For, as from this week, Prince Charles is to take on more and more of the formal roles of the monarch, in a situation which may lead to a new regency, the term given when somebody governs in place of the monarch.
So expect to see more of Charles at key events such as the opening of Parliament.
Also from this week, the Queen is to cease having her own press office, and her press operations are to be merged with those of Prince Charles and Camilla, directed by one of Prince Charles's key personnel from a central office at Buckingham Palace.
Furthermore the Queen is only to make one more State visit abroad, according to reports published at the weekend, a visit to France to commemorate the centenary of the outbreak of the first world war.

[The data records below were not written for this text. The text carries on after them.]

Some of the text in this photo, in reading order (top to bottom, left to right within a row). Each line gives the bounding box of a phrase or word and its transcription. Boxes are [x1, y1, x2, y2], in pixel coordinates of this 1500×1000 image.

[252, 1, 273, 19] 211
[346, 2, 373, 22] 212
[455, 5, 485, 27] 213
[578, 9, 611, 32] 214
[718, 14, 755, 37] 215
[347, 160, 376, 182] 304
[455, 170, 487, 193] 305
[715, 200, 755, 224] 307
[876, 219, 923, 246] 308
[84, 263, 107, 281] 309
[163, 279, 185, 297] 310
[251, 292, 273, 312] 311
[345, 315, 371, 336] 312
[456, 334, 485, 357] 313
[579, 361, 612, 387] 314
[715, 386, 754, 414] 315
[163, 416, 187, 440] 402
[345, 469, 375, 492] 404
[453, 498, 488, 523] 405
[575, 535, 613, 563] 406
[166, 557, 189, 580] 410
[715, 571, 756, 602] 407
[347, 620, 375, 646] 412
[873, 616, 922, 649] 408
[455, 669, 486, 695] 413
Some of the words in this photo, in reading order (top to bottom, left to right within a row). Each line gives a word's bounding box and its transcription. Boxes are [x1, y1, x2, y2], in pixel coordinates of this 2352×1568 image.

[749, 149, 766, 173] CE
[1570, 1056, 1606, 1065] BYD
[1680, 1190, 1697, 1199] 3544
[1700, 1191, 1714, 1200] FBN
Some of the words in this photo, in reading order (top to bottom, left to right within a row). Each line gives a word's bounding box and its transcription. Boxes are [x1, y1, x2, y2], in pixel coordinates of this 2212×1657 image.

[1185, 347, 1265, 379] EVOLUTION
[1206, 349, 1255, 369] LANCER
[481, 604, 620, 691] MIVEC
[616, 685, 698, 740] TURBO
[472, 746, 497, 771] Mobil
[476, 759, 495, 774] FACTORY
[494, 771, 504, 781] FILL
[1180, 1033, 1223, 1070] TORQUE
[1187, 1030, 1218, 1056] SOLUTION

French sources told The Sunday Times that this will be her last foreign trip.
Although the Queen is said to be fully behind the changes, one will insider told the Mail on Sunday, "there is a feeling that Charles has been given an inch and taken a mile."
A source told the Sunday Times that the changes were being made quietly and with somestealth because, “Any formal announcement would be tantamount to declaring a regency, and that would raise all kinds of difficult constitutional issues,” said one former royal aide.
However, the clearest acknowledgement yet that the establishment is preparing for an almighty shake-up came in the New Years Honor's list, when the Queens private secretary, Sir Christopher Geidt, was knighted, according to the citation, for "a new approach to constitutional matters... [and] the preparation for the transition to a change of reign".